Meditation: Focus On-demand

Eagle Owl

The wandering mind, the restless gaze, the lure of a distraction… they get in our way when we want to do something well or do it at all. It’s only when we put our minds to something, that we really get anywhere. The ability to devote sustained, focussed attention to any one thing is an increasingly rare quality in an age when multiple screens, tasks and demands tug at us at from moment to moment. The evidence for meditation shows that one of its key benefits is to develop the ability to focus, making it easier for us to pay attention where and when we want to.

4 days, 20 minutes a day – that could be all it takes

Many studies have shown that long term meditation practice enhances attention processes[1], but in 2009 a group of psychologists in the USA tested whether just 20 minutes of mindfulness meditation over 4 consecutive days can have an effect[2]. They invited a group of 63 university students and split them into 2 groups; one group were guided through 20 minutes of mindfulness meditation over 4 days, where they learned to focus on the breath, and the control group listened to audio recordings of JRR Tolkien’s The Hobbit for 4 days. Tests were done before and after the process to measure their mood, memory, visual attention, attention processing, and vigilance.

The results showed that both listening to The Hobbit and learning meditation improved mood levels after the 4 days, but only the group learning mindfulness meditation did much better on cognitive tests: “ten times better on one challenging test that involved sustaining the ability to focus, while holding other information in mind.”[3]

Subsequent studies have corroborated the positive effect of meditation on attention span and focus.[4]

How does it work?

At any given moment our minds register a huge amount of white noise through our senses, and on top of that there are multiple thoughts and emotions dancing in the background.
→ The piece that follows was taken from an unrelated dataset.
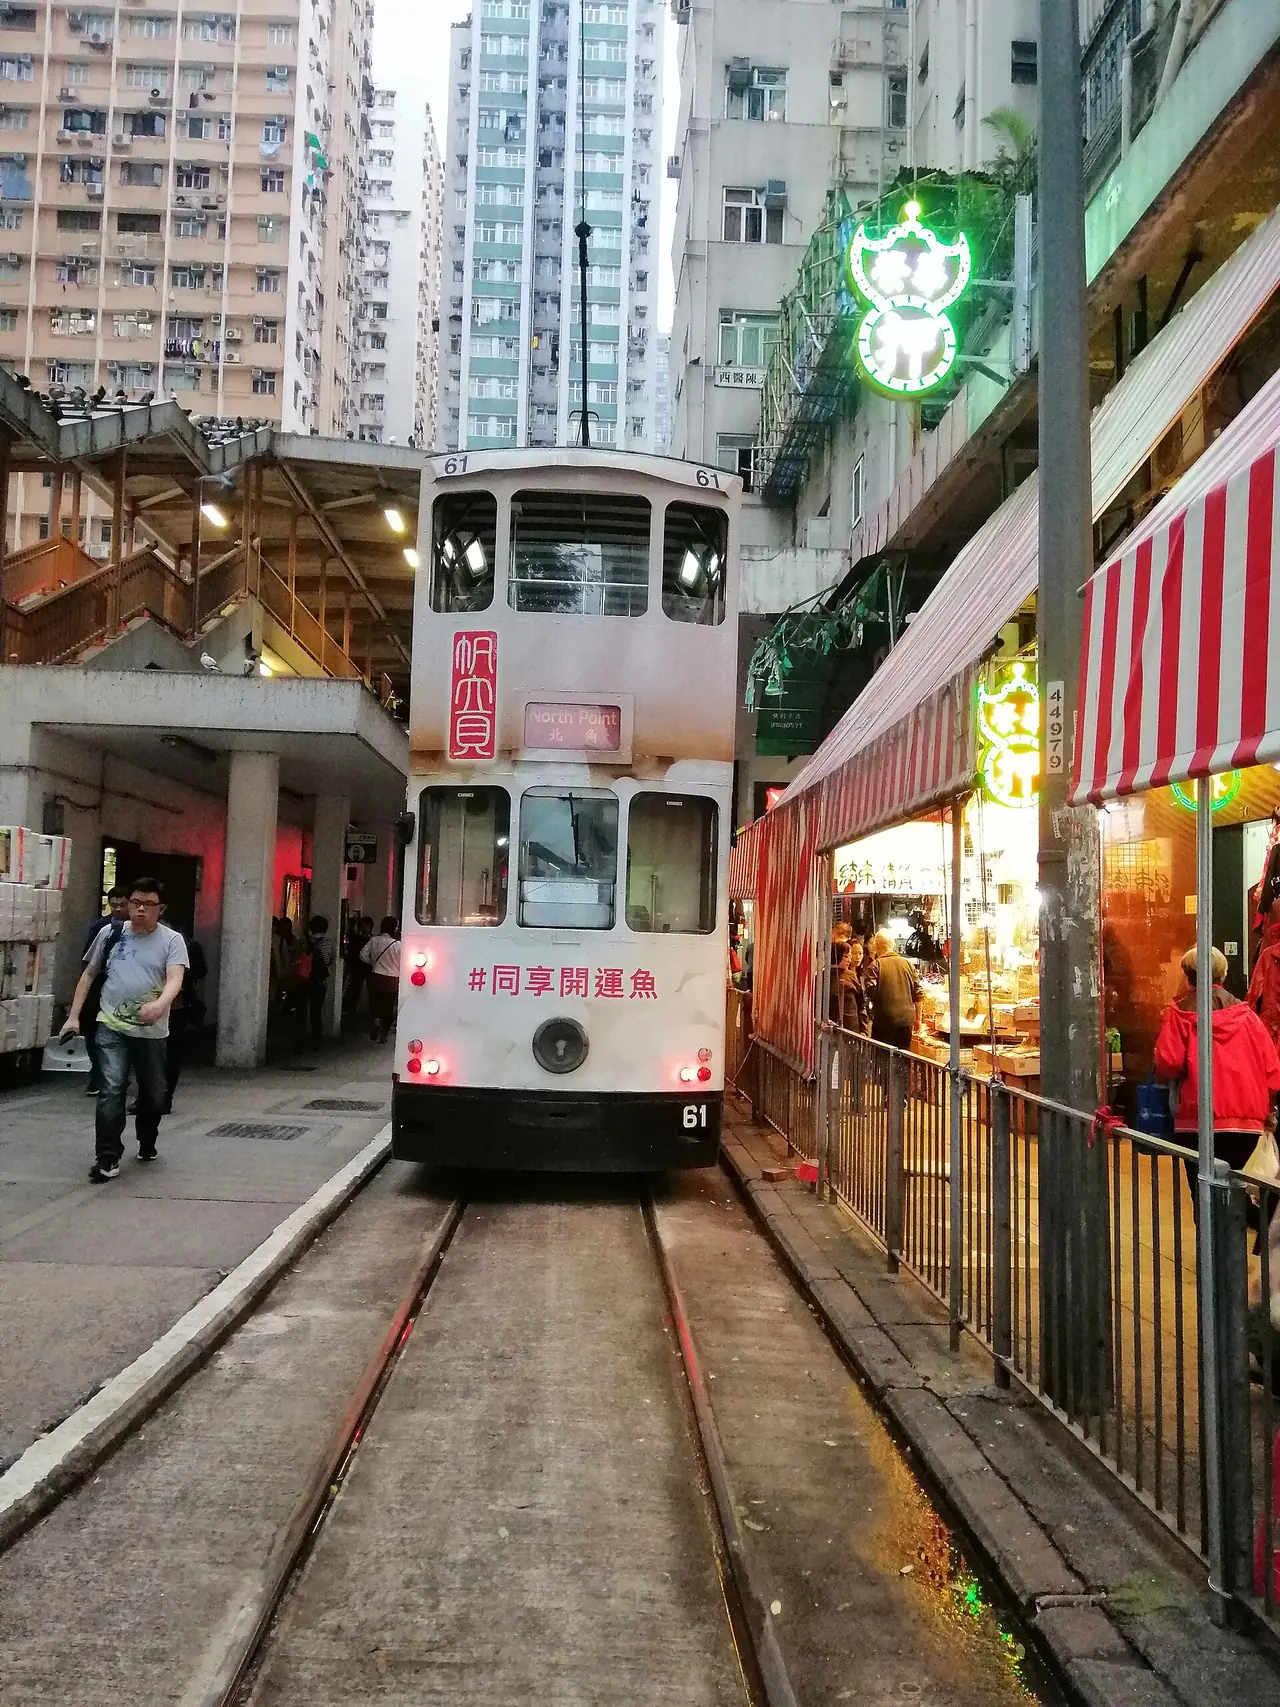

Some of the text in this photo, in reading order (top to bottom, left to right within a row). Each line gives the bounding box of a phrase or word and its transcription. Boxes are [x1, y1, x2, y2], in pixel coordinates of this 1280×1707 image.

To start any meditation, the first step is to quieten the mind, and turn the volume down on the white noise. This can be done in different ways, but always involves focussing one’s attention on something, either a picture, a sound, through a mental body scan of sensations, or only one sensation such as breathing. Focussing in this way on one clear sensation helps to direct mental resources on this only, away from the white noise. Usually, and especially for beginners, this can be the hardest part of learning to meditate – our minds get pulled away by some thought or sensation before we can settle down. This is natural and the way to deal with it is to acknowledge that the mind has wandered, and slowly bring it back to the point of focus. When it gets distracted again, we recognise it has wandered again, and bring it back again. And that’s it…doing this repeatedly, over minutes, days and weeks, develops our ability to recognise distractions and direct our minds back to where we want to focus.

After this initial process to calm the mind, different meditation practices proceed with different techniques, depending on the desired objective of the meditation.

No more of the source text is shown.